The Liberals say they are committed to offering a family doctor to all Quebecers, and they are promising that people with chronic illnesses, seniors and people with mental health issues will be at the front of the line. The party is promising to spend an extra $6 billion on health care. It is also committing to improving working conditions for nurses by increasing staff-patient ratios.
Québec solidaire is promising to launch a universal dental care program that would fully cover costs for people under 18 and, for adults, would cover 80 per cent of teeth cleaning costs and 60 per cent of costs for procedures such as root canals and fillings. The party is also committing to create a state-owned pharma corporation that would produce vaccines and medications. The party also wants to launch 24-7 community clinics across the province, which would be the public’s entry point into the health-care network.

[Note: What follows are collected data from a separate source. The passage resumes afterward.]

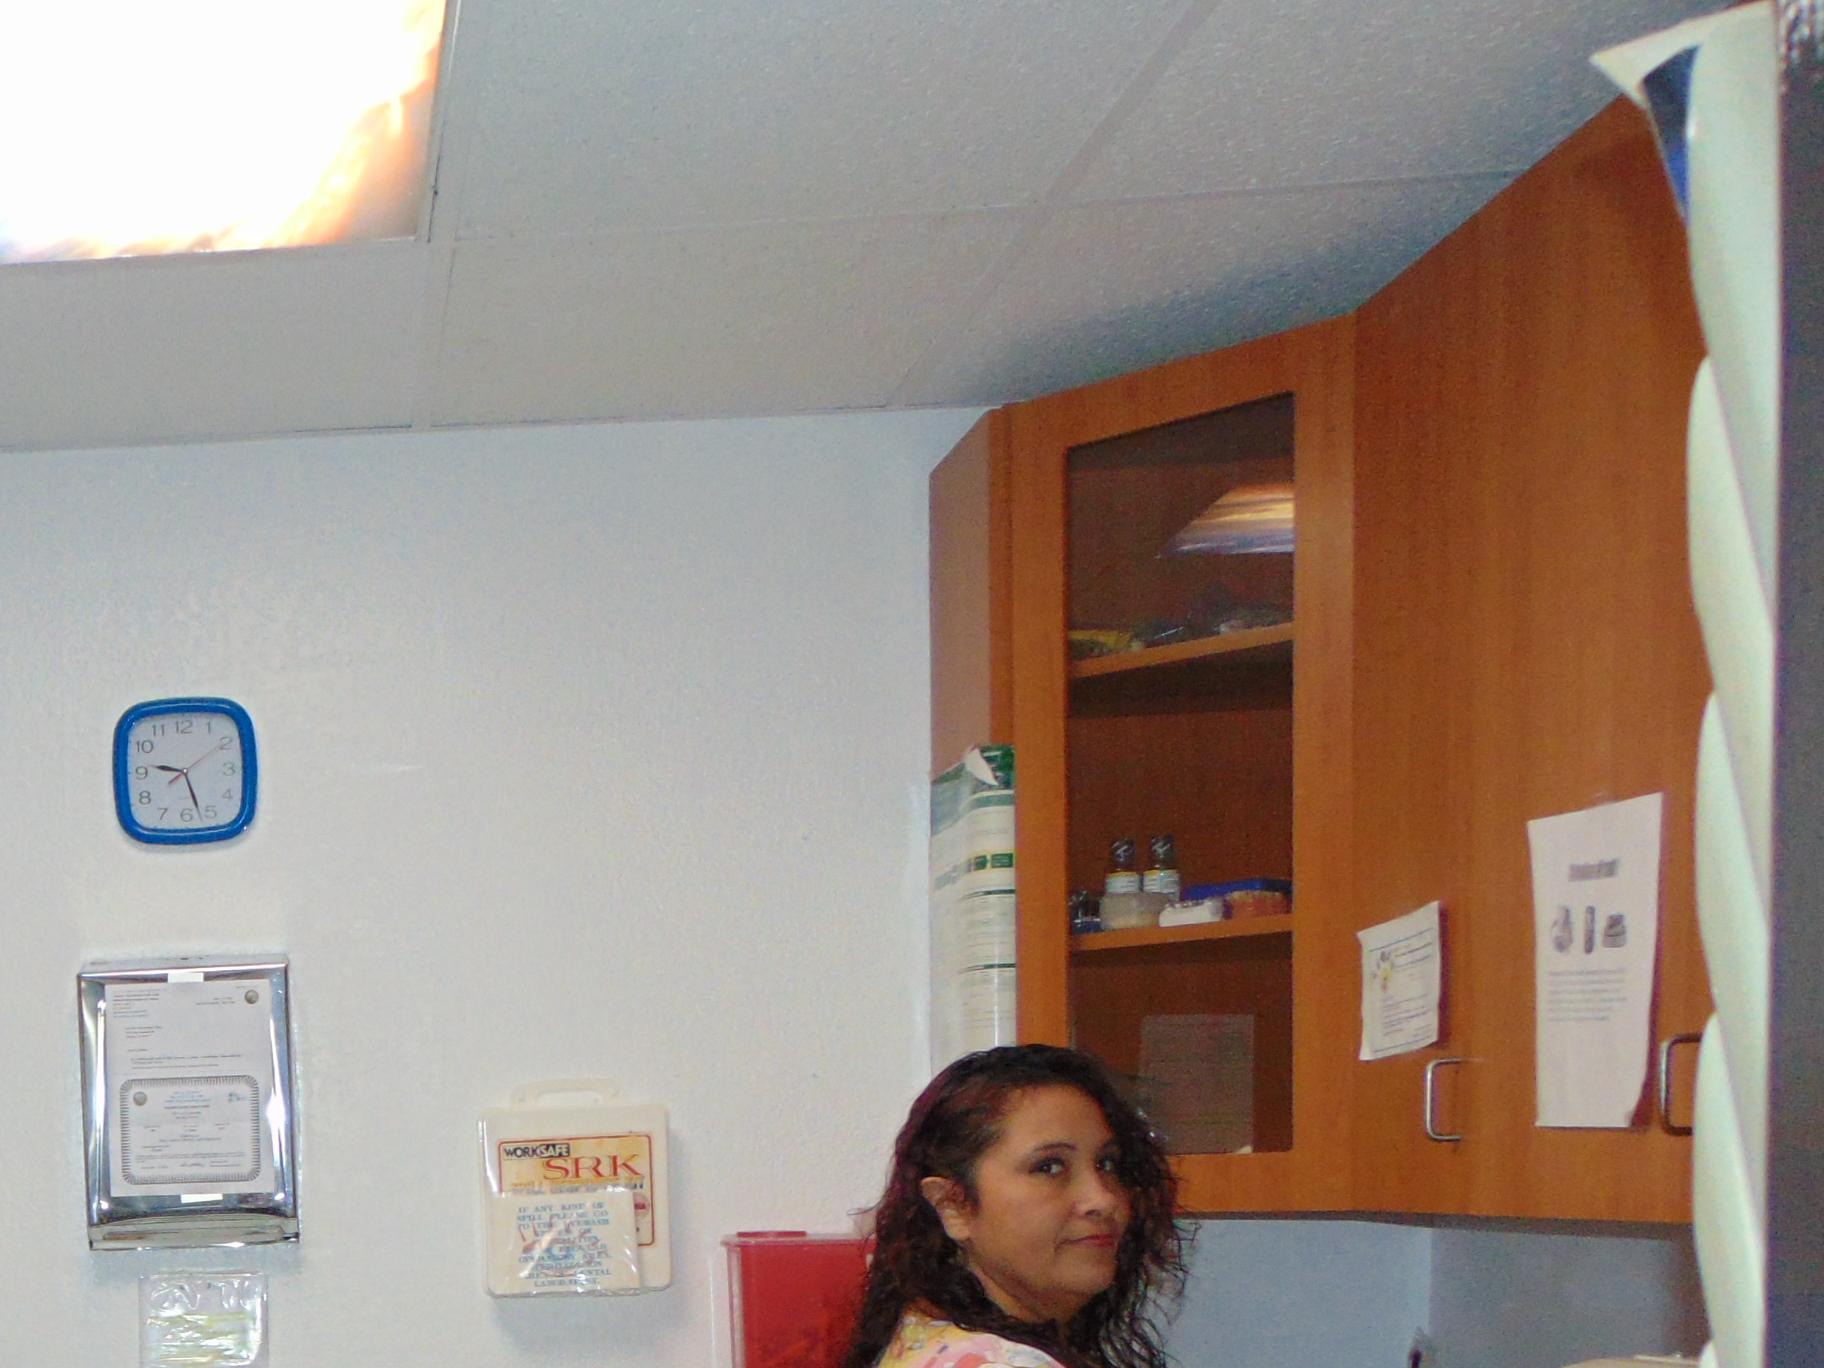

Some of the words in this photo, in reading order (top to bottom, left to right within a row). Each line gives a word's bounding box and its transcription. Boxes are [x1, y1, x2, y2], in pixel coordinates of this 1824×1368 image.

[152, 724, 166, 737] 11
[175, 719, 193, 734] 12
[206, 721, 212, 735] 1
[136, 739, 154, 754] 10
[219, 736, 234, 751] 2
[135, 765, 149, 780] 9
[222, 761, 237, 777] 3
[138, 790, 152, 805] 8
[222, 788, 234, 801] 4
[157, 807, 169, 821] 7
[180, 808, 194, 823] 6
[205, 805, 218, 819] 5
[503, 1142, 570, 1158] WORKSAFE
[543, 1154, 643, 1180] SRK
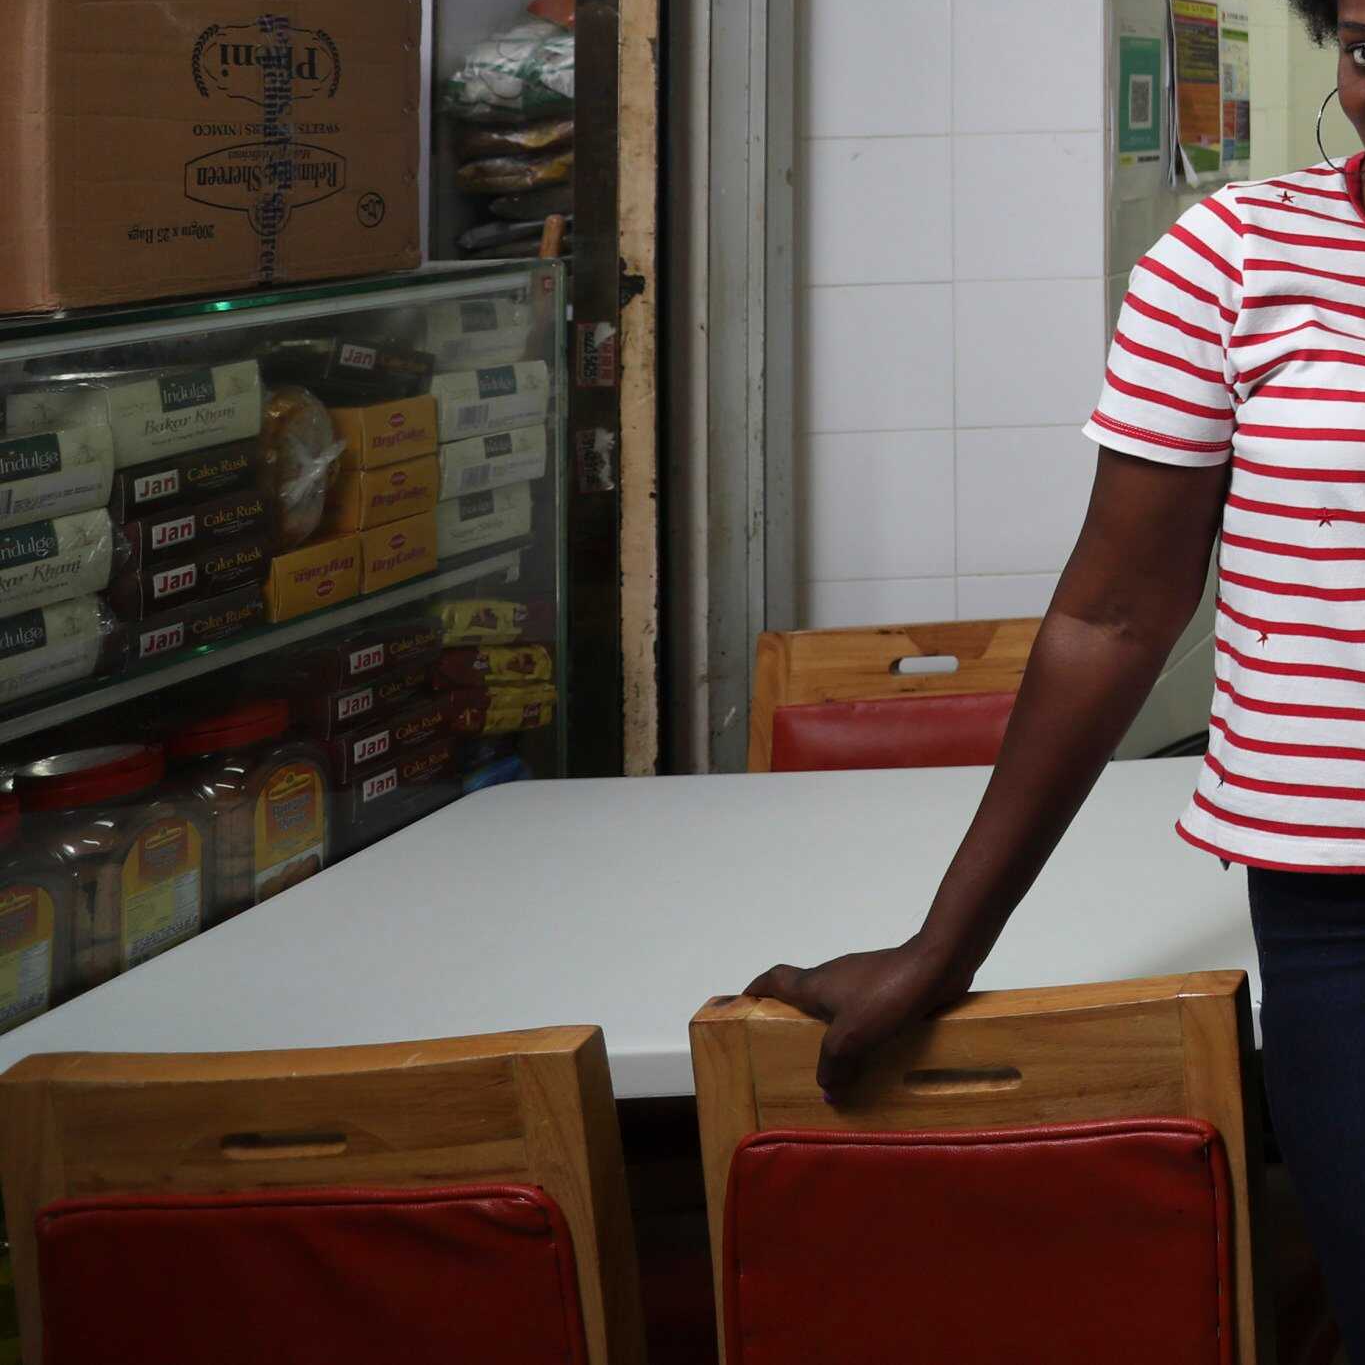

The Conservatives would encourage Quebecers to seek care in the private health system if they cannot be treated in the public sector within a reasonable time; all care would be paid for by the government. The party also wants to remove the law prohibiting doctors from having to choose between the public and private health-care systems and allow them to work in both.
The PQ is promising to invest massively in home care for seniors and triple the number of hours of care offered within four years. The party opposes adding more private elements into the health system and is instead committing to attracting and retaining more health-care workers by improving working conditions in the public system.